The problem:
Will you output all of the data below exactly, omitting the images?

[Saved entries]
────

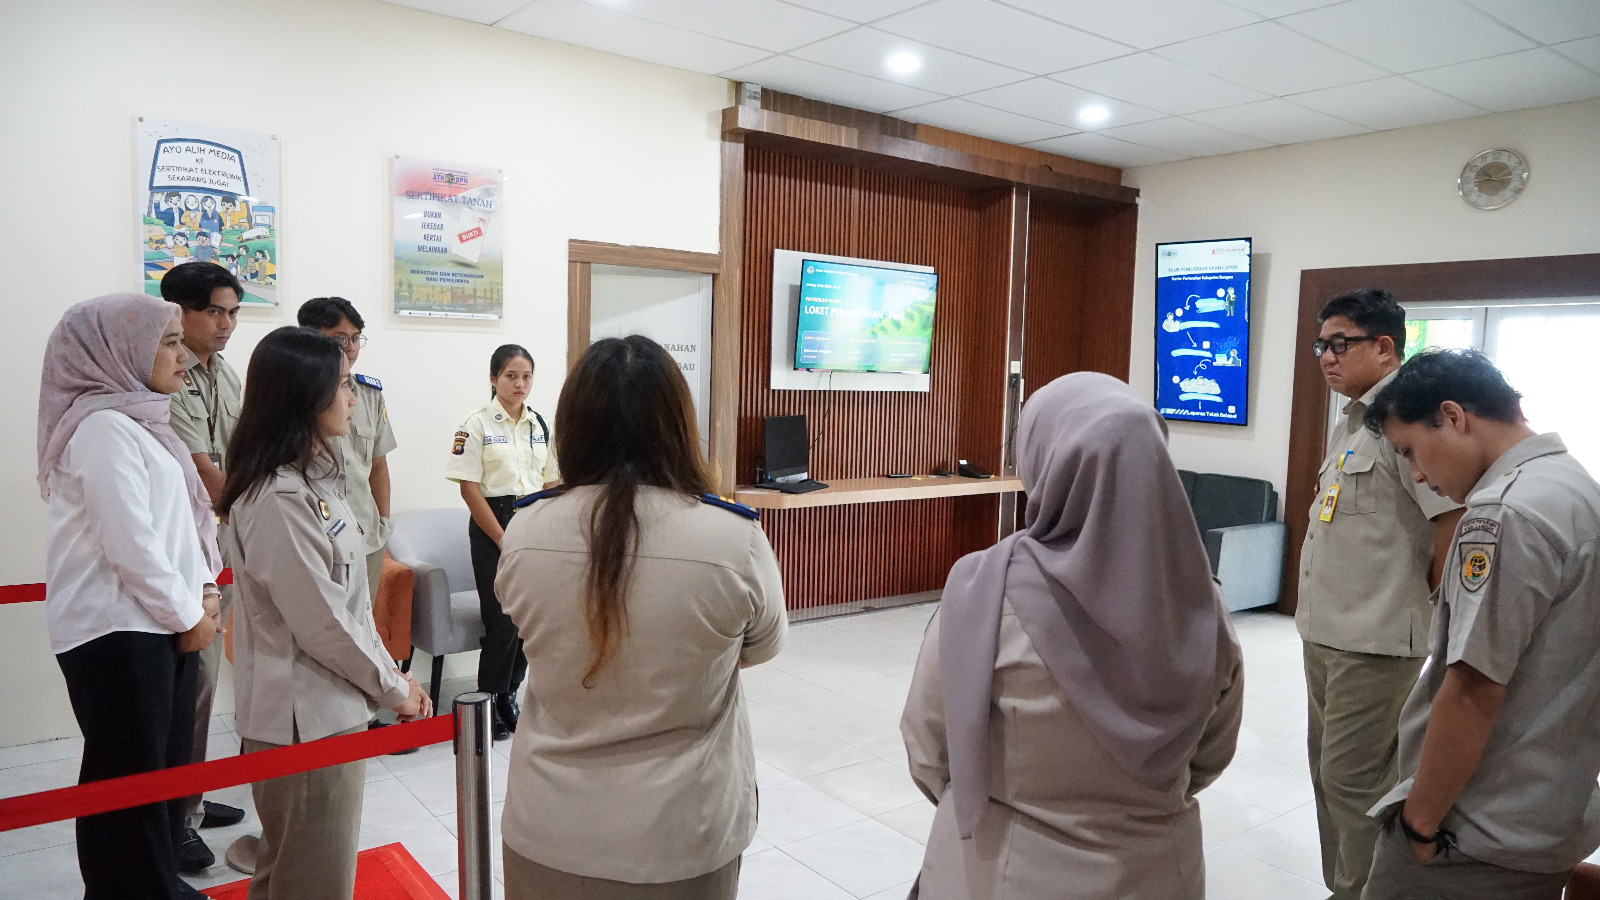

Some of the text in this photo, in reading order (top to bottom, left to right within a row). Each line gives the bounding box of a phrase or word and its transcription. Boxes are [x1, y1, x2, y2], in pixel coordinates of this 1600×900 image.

[163, 146, 236, 163] AYO ALIH MEDIA
[201, 168, 242, 182] ELEKTRONIK
[167, 175, 229, 188] SEKARANG JUGA!
[406, 190, 493, 208] SERTIPIKAT TANAH
[424, 210, 442, 219] BUKAN
[423, 233, 442, 242] KERTAS
[462, 229, 478, 240] BUKTI
[417, 244, 448, 254] MELAINKAN
[804, 306, 829, 315] LOKET
[664, 344, 696, 352] NAHAN
[678, 362, 694, 370] GAU

────

Your response:
Some of the text in this photo, in reading order (top to bottom, left to right within a row). Each line gives the bounding box of a phrase or word and its transcription. Boxes are [x1, y1, x2, y2], in pixel coordinates of this 1600×900 image.

[163, 146, 236, 163] AYO ALIH MEDIA
[201, 168, 242, 182] ELEKTRONIK
[167, 175, 229, 188] SEKARANG JUGA!
[406, 190, 493, 208] SERTIPIKAT TANAH
[424, 210, 442, 219] BUKAN
[423, 233, 442, 242] KERTAS
[462, 229, 478, 240] BUKTI
[417, 244, 448, 254] MELAINKAN
[804, 306, 829, 315] LOKET
[664, 344, 696, 352] NAHAN
[678, 362, 694, 370] GAU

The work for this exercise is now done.